Images for object localization:
********************

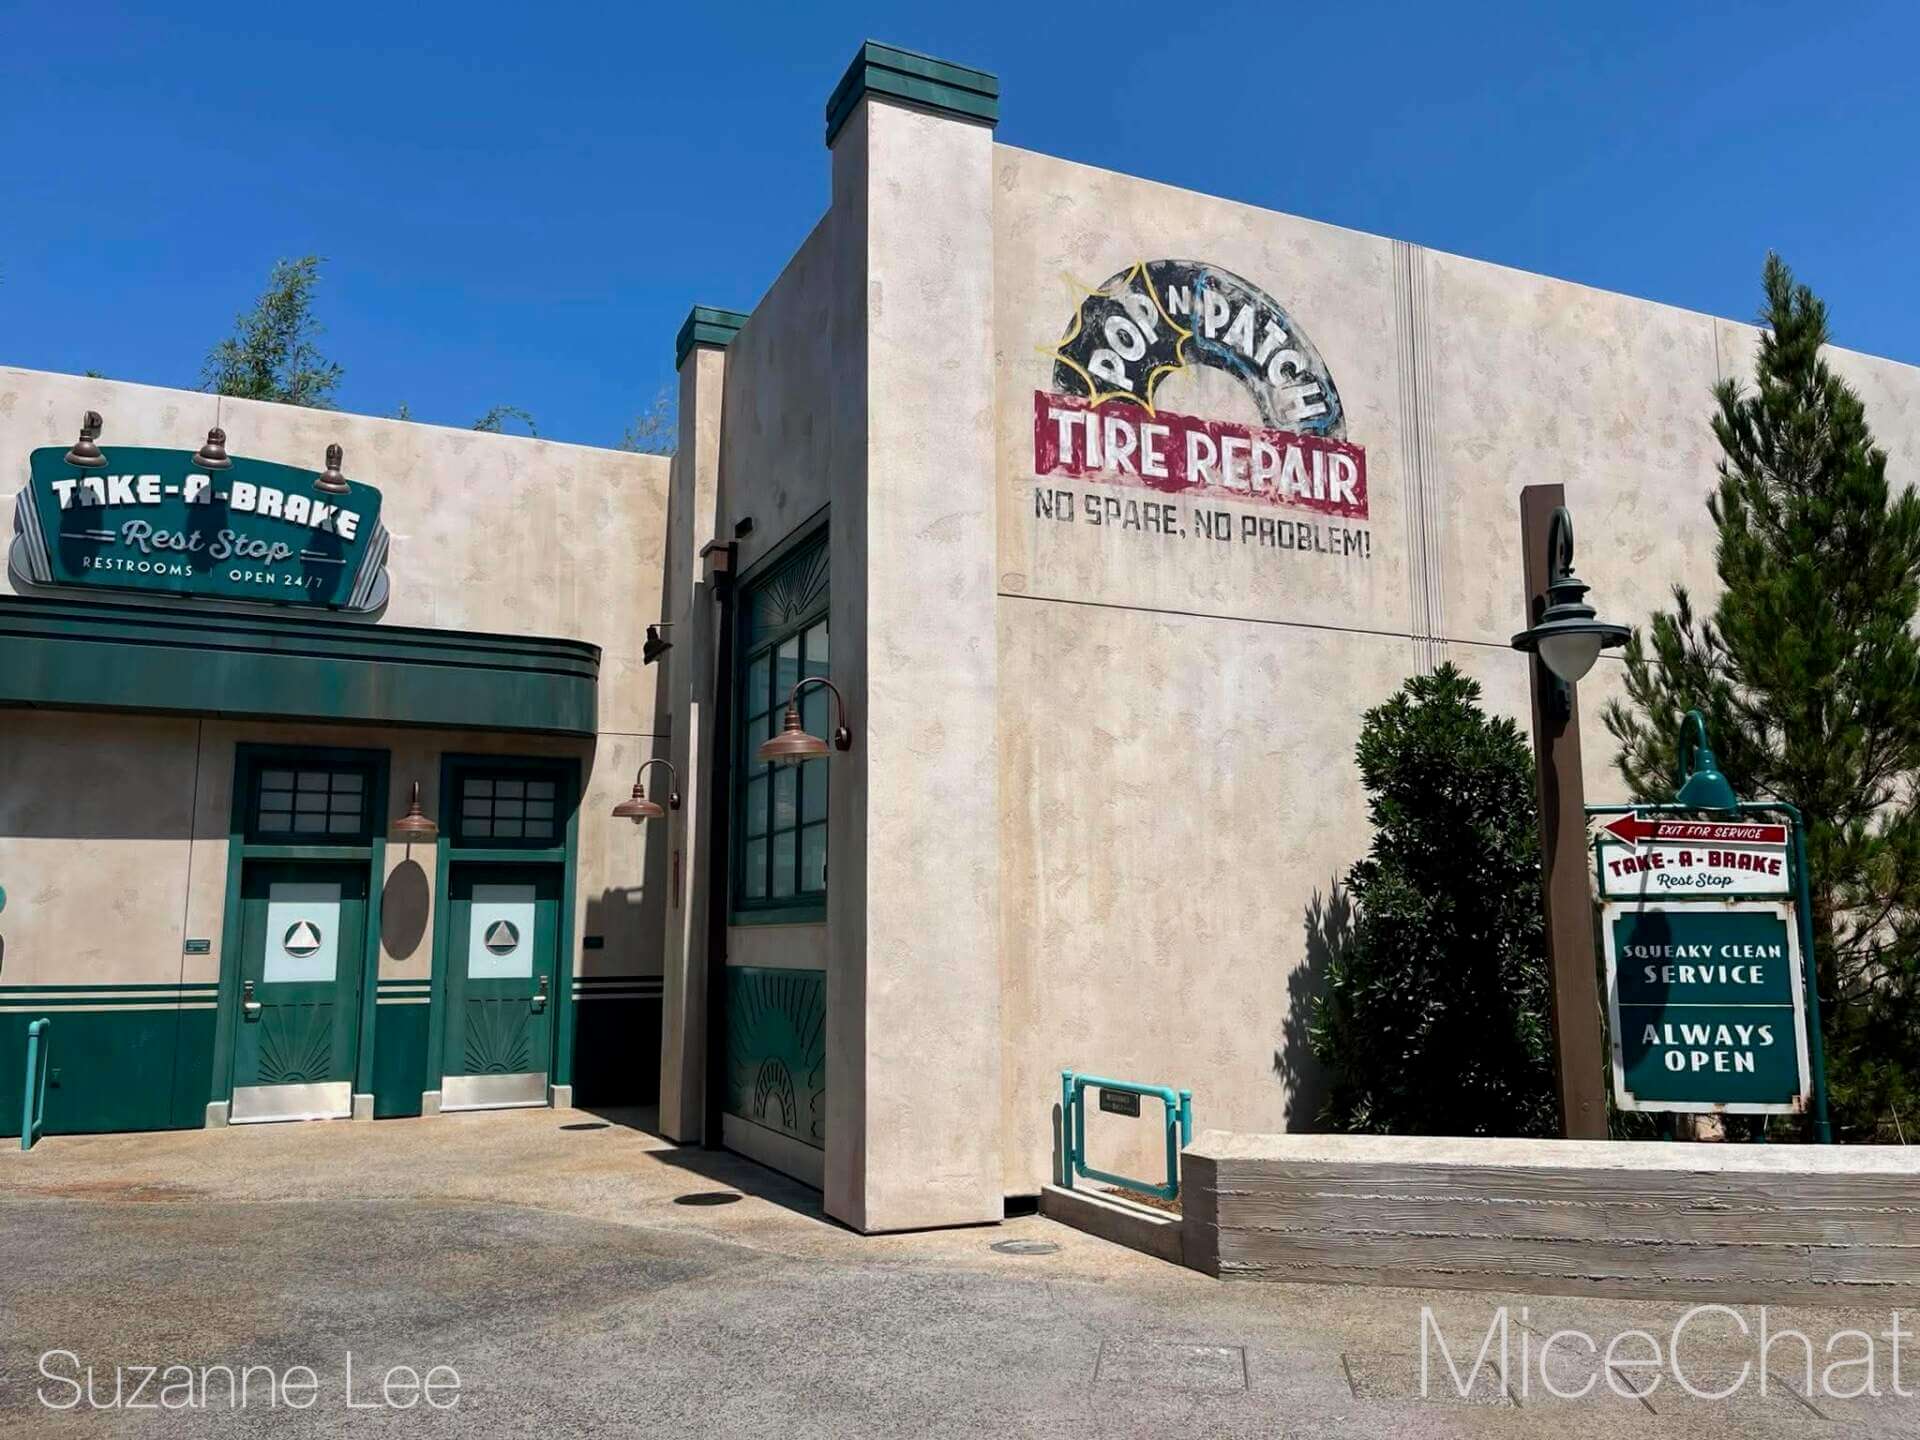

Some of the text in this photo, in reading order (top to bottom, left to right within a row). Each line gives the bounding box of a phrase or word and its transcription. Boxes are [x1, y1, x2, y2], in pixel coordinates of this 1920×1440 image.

[1087, 284, 1328, 423] POP N PATCH
[1049, 406, 1359, 506] TIRE REPAIR
[52, 473, 361, 541] TAKE-A-BRAKE
[1035, 487, 1371, 559] NO SPARE, NO PROBLEM!
[121, 519, 293, 565] Rest Stop
[83, 556, 194, 578] RESTROOMS
[229, 569, 323, 589] OPEN 24/7
[1657, 824, 1764, 840] EXIT FOR SERVICE
[1656, 872, 1734, 889] Rest Stop
[1623, 944, 1782, 959] SQUEAKY CLEAN
[1643, 965, 1764, 985] SERVICE
[1642, 1023, 1775, 1047] ALWAYS
[1664, 1050, 1755, 1073] OPEN

********************

** PROBLEM TO WORK ON **
Every line in the records is to be retyped exactly as it stands; the pictures stay out.

** ANSWER SPACE **
Some of the text in this photo, in reading order (top to bottom, left to right within a row). Each line gives the bounding box of a phrase or word and its transcription. Boxes are [x1, y1, x2, y2], in pixel coordinates of this 1920×1440 image.

[1087, 284, 1328, 423] POP N PATCH
[1049, 406, 1359, 506] TIRE REPAIR
[52, 473, 361, 541] TAKE-A-BRAKE
[1035, 487, 1371, 559] NO SPARE, NO PROBLEM!
[121, 519, 293, 565] Rest Stop
[83, 556, 194, 578] RESTROOMS
[229, 569, 323, 589] OPEN 24/7
[1657, 824, 1764, 840] EXIT FOR SERVICE
[1656, 872, 1734, 889] Rest Stop
[1623, 944, 1782, 959] SQUEAKY CLEAN
[1643, 965, 1764, 985] SERVICE
[1642, 1023, 1775, 1047] ALWAYS
[1664, 1050, 1755, 1073] OPEN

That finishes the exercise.